Nourishing acts that we should encourage:
- Time to think
- Being still
- Enjoying preparation, sharing and consumption of food
Questions we identified as important:
- WHY do we overeat
- What are school nutritionists doing to make school lunches healthier
- What do classroom teachers see and are they doing anything
- Should we have more physical education?
- How about more of a focus on the arts and humanities?
- How do teachers perceive the obesity problem? What other problems do they see (behavior, sleep, hunger, ADHD, diet?)
- Might it be beneficial for schools to have a common calendar?
- What can we learn from other initiatives?
- Food Revolution (Jamie Oliver)
- Step Up (Michelle Obama)
- New Haven- Cipriano- Director of School Services
Ideas for change
- Teaching kids to cook in schools
- Teach kids ‘ what to do with the harvest’
- Encourage slow food
- Shift the appreciation of food from an inconvenient necessity where we get as many calories in as little time as possible, to one where each part of the food process is appreciated and eating good food is associated with legitimacy ( as opposed to guilty reward)

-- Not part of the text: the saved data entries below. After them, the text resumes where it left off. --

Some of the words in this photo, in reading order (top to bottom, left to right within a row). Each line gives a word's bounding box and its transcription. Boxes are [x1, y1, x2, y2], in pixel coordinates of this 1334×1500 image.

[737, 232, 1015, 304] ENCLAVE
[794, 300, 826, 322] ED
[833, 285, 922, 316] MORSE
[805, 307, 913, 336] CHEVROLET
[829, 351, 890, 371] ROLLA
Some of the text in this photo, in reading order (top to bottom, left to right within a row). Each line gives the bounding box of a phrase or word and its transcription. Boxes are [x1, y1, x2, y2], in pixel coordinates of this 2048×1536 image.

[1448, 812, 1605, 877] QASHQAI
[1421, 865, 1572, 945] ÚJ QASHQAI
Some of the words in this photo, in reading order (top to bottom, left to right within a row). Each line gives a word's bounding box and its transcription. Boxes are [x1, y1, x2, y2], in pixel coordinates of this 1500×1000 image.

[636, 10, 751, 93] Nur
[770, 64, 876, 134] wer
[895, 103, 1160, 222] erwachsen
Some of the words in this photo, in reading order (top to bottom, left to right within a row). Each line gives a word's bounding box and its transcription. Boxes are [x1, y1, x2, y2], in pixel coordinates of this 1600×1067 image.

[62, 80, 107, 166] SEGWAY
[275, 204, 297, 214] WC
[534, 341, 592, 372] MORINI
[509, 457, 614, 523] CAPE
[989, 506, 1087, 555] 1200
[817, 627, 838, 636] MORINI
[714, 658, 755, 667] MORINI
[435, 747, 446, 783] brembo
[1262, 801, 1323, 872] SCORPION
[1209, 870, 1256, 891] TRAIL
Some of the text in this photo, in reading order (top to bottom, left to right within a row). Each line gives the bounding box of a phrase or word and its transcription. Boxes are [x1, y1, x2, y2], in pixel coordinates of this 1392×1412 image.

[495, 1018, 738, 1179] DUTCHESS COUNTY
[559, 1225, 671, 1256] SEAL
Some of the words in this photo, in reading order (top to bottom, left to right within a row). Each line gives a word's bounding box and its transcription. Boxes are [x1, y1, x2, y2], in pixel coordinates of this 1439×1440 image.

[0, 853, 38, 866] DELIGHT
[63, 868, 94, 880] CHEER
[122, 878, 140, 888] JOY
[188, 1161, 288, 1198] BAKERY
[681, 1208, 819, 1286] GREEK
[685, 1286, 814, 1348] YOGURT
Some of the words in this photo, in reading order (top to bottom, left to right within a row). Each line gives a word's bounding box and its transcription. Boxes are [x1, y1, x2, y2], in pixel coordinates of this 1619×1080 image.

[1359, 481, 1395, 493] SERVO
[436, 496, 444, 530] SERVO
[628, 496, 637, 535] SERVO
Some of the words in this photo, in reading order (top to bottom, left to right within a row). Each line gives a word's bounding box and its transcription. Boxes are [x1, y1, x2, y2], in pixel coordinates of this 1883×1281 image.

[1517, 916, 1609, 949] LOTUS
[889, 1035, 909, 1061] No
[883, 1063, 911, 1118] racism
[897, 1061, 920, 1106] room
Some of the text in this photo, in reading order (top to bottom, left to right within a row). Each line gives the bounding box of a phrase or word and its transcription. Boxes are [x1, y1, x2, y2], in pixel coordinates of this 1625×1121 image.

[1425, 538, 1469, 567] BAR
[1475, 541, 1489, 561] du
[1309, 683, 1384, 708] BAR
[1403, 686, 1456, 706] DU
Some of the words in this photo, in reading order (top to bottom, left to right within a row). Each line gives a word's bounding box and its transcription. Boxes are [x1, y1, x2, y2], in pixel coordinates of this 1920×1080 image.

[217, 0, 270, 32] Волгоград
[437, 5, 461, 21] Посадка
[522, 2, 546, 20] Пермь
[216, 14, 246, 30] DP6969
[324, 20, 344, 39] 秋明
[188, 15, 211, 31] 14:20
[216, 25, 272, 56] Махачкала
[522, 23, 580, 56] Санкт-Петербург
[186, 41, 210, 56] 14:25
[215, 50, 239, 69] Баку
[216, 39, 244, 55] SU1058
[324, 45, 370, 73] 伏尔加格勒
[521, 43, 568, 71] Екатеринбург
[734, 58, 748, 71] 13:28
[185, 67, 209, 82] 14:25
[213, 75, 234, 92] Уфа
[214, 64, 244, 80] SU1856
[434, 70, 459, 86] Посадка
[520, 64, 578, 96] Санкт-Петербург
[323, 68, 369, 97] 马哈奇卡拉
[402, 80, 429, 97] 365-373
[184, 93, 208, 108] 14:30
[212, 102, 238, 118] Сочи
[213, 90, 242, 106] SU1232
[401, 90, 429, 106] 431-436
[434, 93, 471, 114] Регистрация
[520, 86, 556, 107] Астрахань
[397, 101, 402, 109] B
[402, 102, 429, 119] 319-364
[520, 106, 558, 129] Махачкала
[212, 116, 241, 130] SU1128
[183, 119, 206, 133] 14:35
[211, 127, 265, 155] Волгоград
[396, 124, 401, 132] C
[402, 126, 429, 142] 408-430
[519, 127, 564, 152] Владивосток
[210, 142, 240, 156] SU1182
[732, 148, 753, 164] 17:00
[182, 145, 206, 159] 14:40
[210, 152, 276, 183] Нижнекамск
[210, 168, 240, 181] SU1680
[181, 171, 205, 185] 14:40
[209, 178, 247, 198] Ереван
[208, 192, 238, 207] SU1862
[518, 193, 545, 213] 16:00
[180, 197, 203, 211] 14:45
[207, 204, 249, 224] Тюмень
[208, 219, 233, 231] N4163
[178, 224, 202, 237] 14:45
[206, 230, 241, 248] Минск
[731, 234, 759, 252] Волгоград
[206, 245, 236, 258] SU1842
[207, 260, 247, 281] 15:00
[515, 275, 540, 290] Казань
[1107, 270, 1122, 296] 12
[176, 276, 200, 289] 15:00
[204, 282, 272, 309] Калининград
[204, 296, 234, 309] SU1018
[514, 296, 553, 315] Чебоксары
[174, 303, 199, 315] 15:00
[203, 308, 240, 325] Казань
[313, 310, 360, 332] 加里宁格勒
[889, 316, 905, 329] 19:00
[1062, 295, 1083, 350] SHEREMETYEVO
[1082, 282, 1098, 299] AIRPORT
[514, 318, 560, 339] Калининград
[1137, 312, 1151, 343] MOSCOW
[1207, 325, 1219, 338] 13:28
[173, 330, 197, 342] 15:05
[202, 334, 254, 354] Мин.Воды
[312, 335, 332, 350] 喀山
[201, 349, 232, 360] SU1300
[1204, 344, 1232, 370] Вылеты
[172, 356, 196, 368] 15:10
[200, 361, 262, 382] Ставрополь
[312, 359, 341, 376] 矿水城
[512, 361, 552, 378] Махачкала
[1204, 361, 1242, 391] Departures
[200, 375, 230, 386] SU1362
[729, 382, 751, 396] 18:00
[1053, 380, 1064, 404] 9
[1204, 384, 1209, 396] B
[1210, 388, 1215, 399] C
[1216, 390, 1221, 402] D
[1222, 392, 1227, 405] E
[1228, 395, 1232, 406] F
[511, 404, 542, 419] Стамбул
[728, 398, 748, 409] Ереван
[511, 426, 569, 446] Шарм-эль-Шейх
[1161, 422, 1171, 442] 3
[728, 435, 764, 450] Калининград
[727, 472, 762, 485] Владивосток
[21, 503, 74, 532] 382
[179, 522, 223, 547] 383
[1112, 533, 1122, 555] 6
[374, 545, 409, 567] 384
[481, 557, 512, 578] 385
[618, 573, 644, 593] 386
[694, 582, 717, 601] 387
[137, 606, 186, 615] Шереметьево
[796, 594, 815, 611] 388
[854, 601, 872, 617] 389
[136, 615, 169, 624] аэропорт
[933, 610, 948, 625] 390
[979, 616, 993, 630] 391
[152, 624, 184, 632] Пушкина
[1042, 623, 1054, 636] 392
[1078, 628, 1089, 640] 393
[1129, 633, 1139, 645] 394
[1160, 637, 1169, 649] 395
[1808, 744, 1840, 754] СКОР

- Lengthening school lunch time to allow kids to take part of assembling their lunch, or take part in experiential cooking classes (Research to support this comes from the School Food Trust in the UK)
- We live in a ‘Celebrity chef’ culture- is this good or bad for us terms of our relationship with food and obesity
- Obesity is a global problem- culture matters but it is not the only factor. Is fast food the cause of the spread of overweight and obesity in other parts of the world- if not, what else?
- Can we take children and assess the effects of sleep on appetite?
- Can we ask children to sleep more and monitor effects on appetite, BMI, attention in school, or anything else ? Check previous studies to determine how the ethical issues are resolved.
- Getting sports figures involved: Boston Celtic- Paul Pierce Foundation
- Using digital bracelets to track sleep? Maybe you have to take them off to sleep and put them on when you wake?
National and International efforts to reduce obesity
a) www.plowtoplate.org A project between New Milford hospitals and the communities their serve to improve health through fresh, local food.
b) http://www.schoolfoodtrust.org.uk/ The School Food Trust is partly funded by the Government. A new UK Government took office on 11 May. As a result the content on this site which relates to Government funded work may not reflect current policy. All statutory guidance and legislation published on this site continues to reflect the current legal position unless indicated otherwise. To view the new Department for Education website, please go to http://www.education.gov.uk
c) Jamie Oliver’s Food Revolution. Jamie Oliver works with cities in the US to change the way they eat_-schools, home and communities.
d) Michelle Obama’s Let’s Move program
- Reclaiming the value of TIME
- Re-personalizing FOOD
The NL Food Center Vision Committee identified two critical factors underlying lifestyle and eating behaviors that may contribute to obesity. These are an evolutionary and persistent depersonalization of food, and the compression of time for nourishing activities such as sleep. Exercise and the preparation, sharing and eating of food.